Referring expression grounding data
- - -

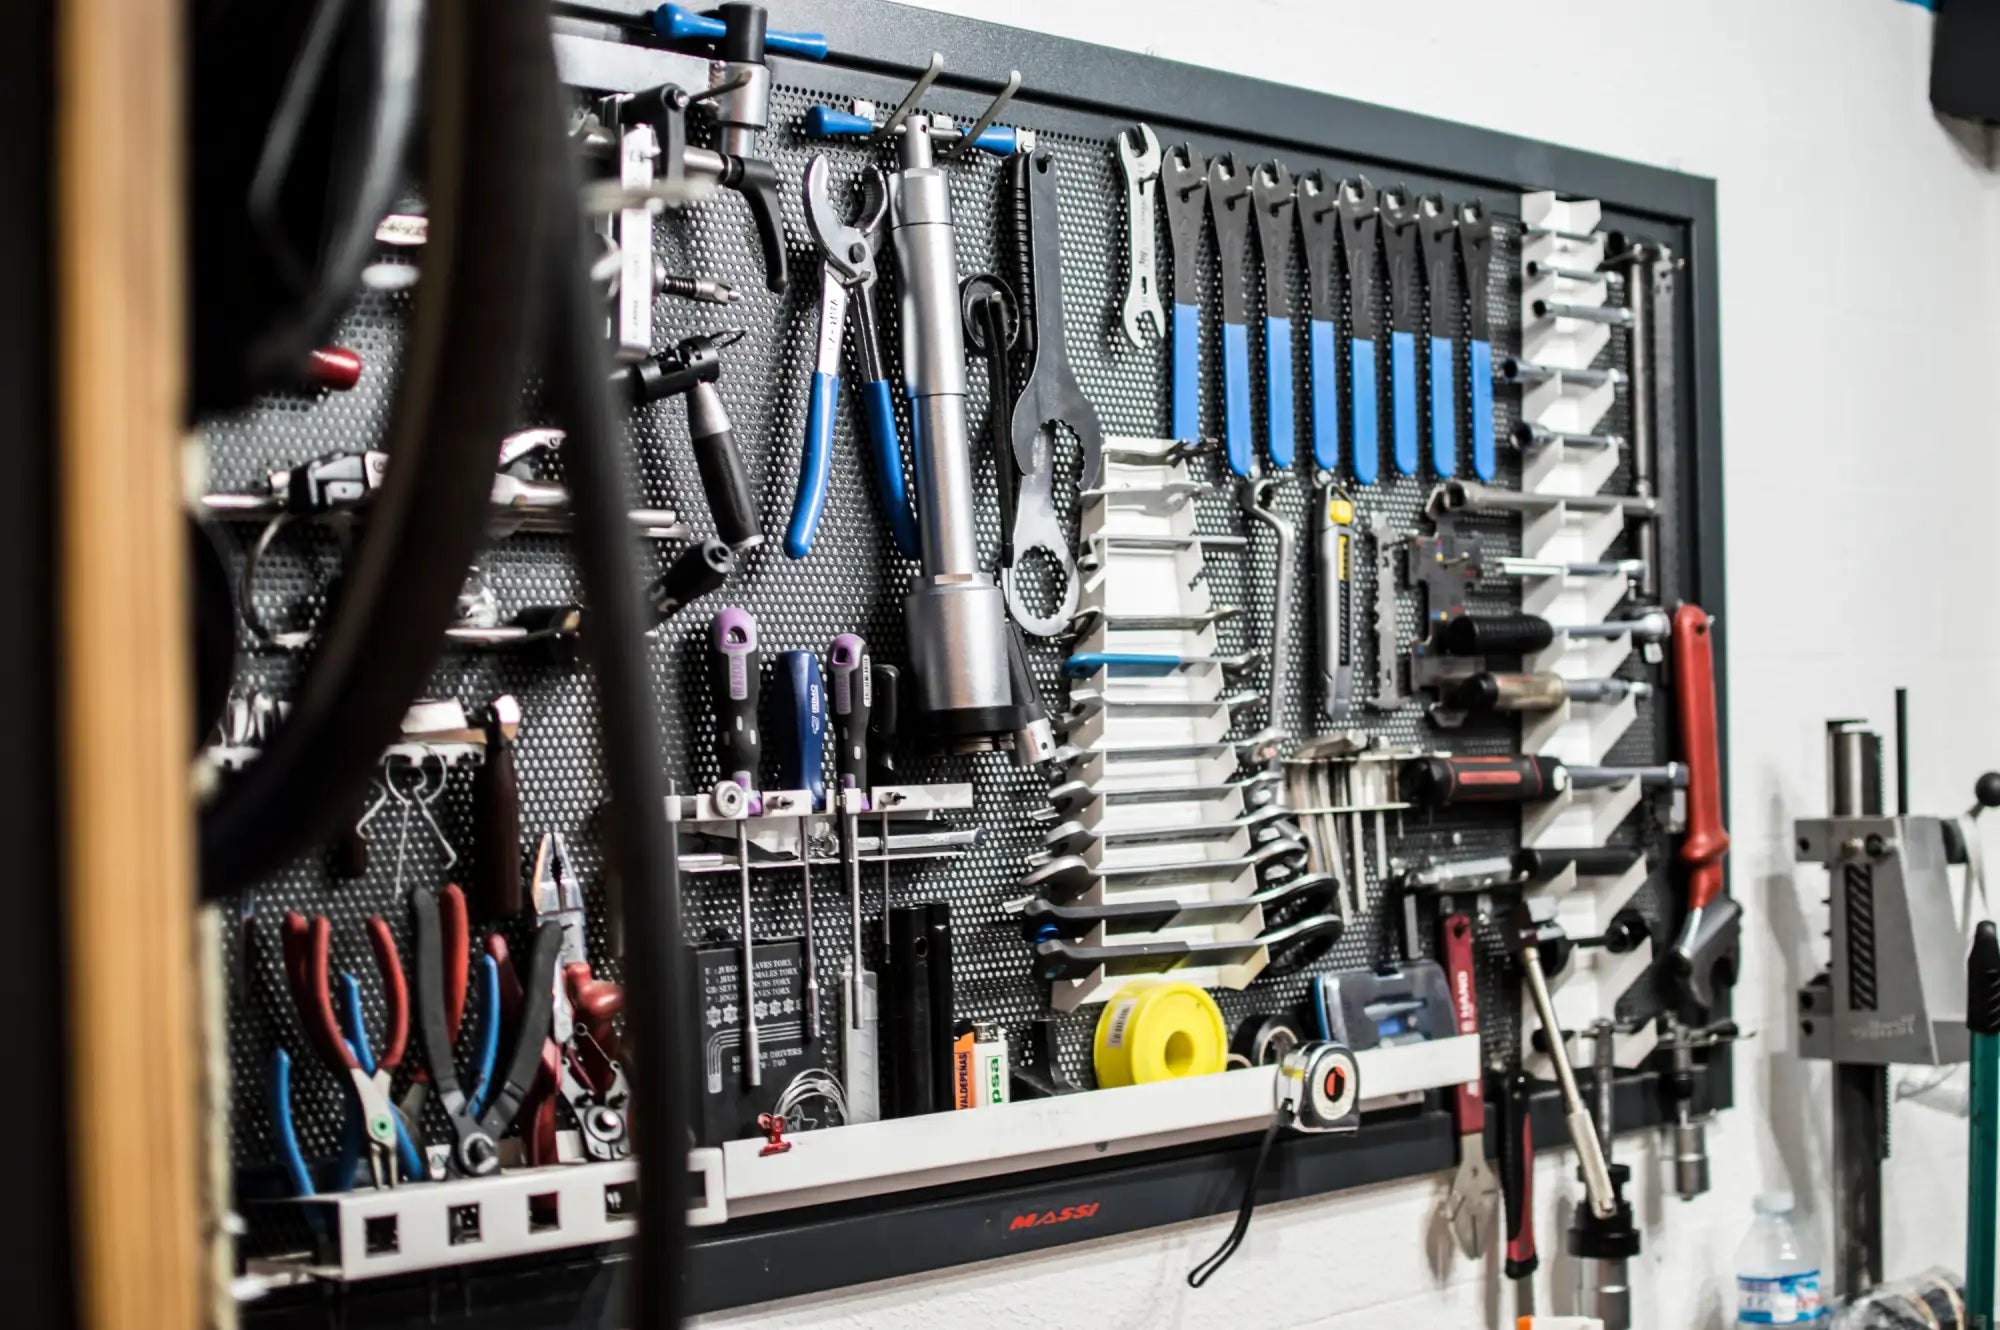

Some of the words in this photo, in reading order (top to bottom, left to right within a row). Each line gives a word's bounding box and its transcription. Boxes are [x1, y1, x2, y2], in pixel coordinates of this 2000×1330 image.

[810, 684, 820, 713] IRIMO
[773, 959, 792, 969] TORX
[779, 967, 798, 976] TORX
[773, 977, 791, 985] TORX
[773, 986, 791, 995] TORX
[769, 1047, 803, 1059] DRIVERS
[958, 1053, 968, 1109] VALDEPEÑAS
[990, 1058, 1002, 1103] psa
[1008, 1201, 1100, 1231] MASSI
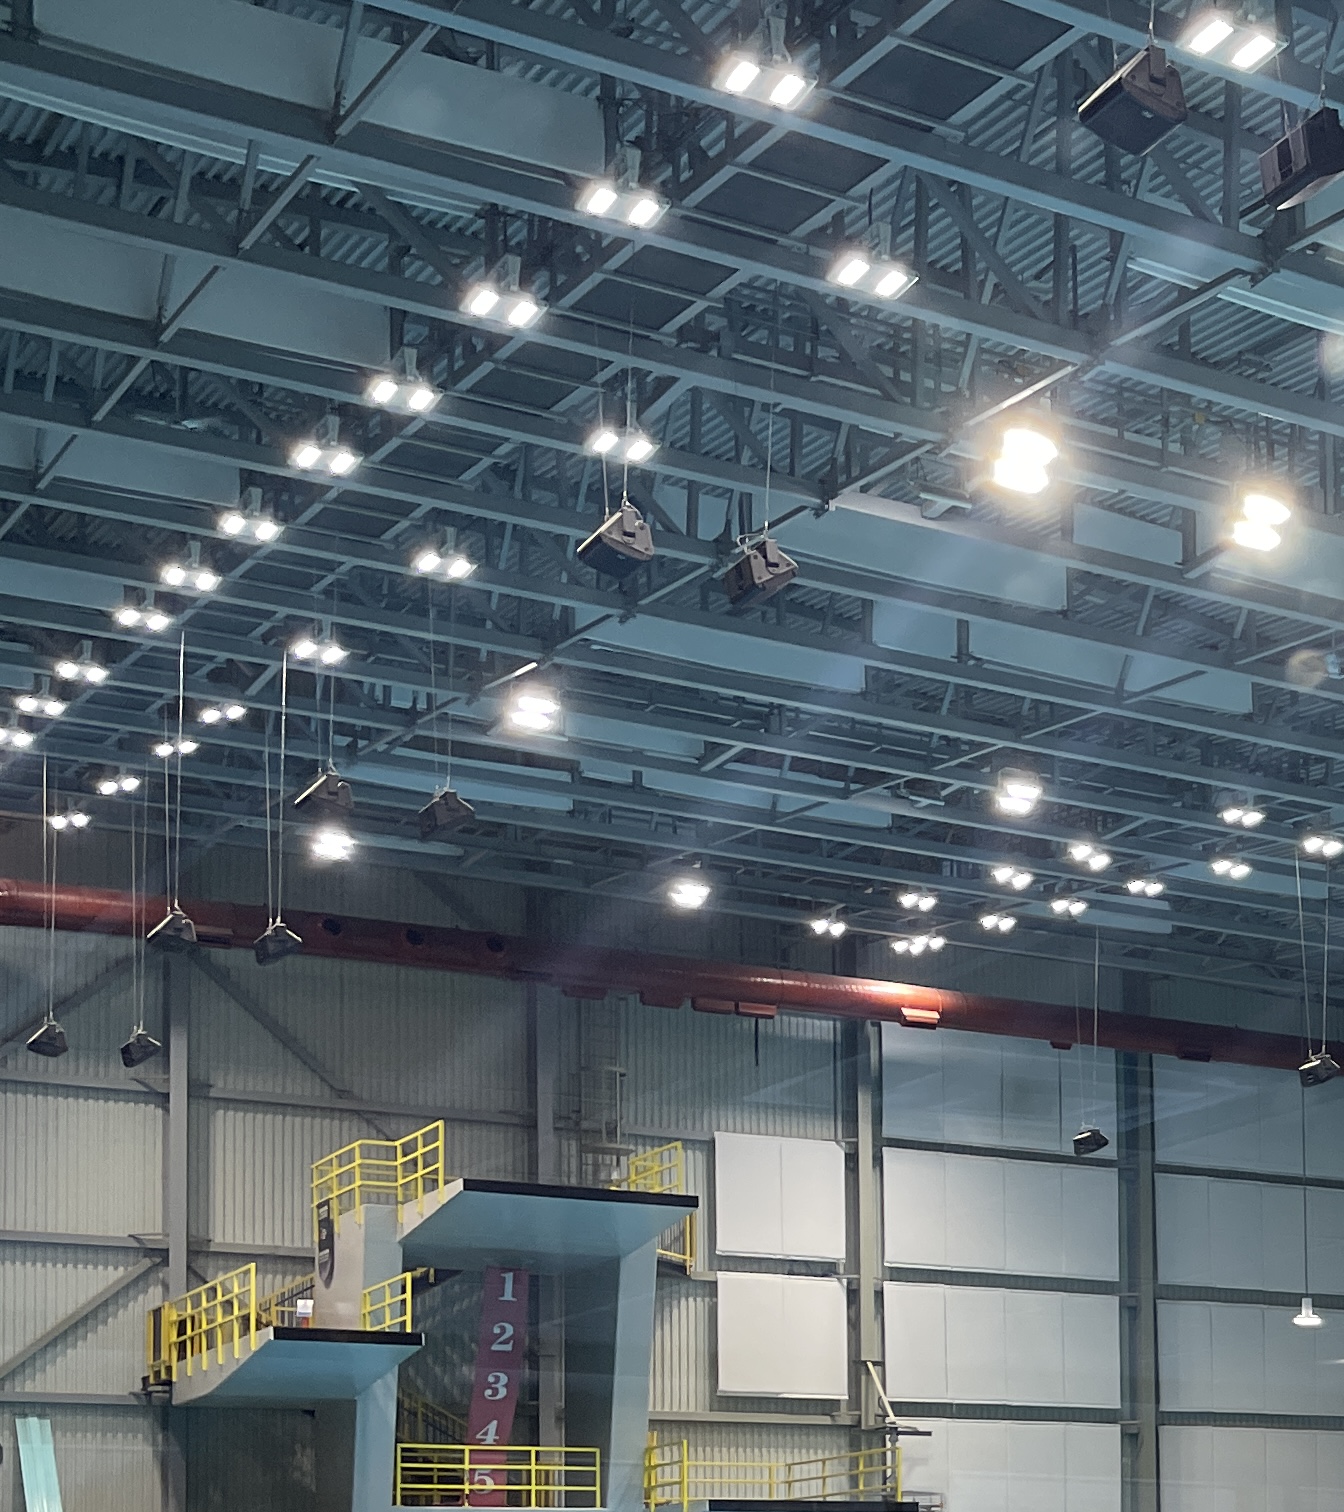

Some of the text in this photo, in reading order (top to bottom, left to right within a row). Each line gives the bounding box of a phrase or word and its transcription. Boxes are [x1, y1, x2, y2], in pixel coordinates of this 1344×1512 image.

[498, 1272, 517, 1301] 1
[490, 1322, 514, 1351] 2
[484, 1372, 508, 1400] 3
[475, 1420, 499, 1444] 4
[472, 1469, 494, 1494] 5

- - -

What you have to do:
Give the entries again, exactly and in full, with no image included.

Exercise result:
Some of the words in this photo, in reading order (top to bottom, left to right within a row). Each line gives a word's bounding box and its transcription. Boxes are [x1, y1, x2, y2], in pixel coordinates of this 2000×1330 image.

[810, 684, 820, 713] IRIMO
[773, 959, 792, 969] TORX
[779, 967, 798, 976] TORX
[773, 977, 791, 985] TORX
[773, 986, 791, 995] TORX
[769, 1047, 803, 1059] DRIVERS
[958, 1053, 968, 1109] VALDEPEÑAS
[990, 1058, 1002, 1103] psa
[1008, 1201, 1100, 1231] MASSI

Some of the text in this photo, in reading order (top to bottom, left to right within a row). Each line gives the bounding box of a phrase or word and its transcription. Boxes are [x1, y1, x2, y2], in pixel coordinates of this 1344×1512 image.

[498, 1272, 517, 1301] 1
[490, 1322, 514, 1351] 2
[484, 1372, 508, 1400] 3
[475, 1420, 499, 1444] 4
[472, 1469, 494, 1494] 5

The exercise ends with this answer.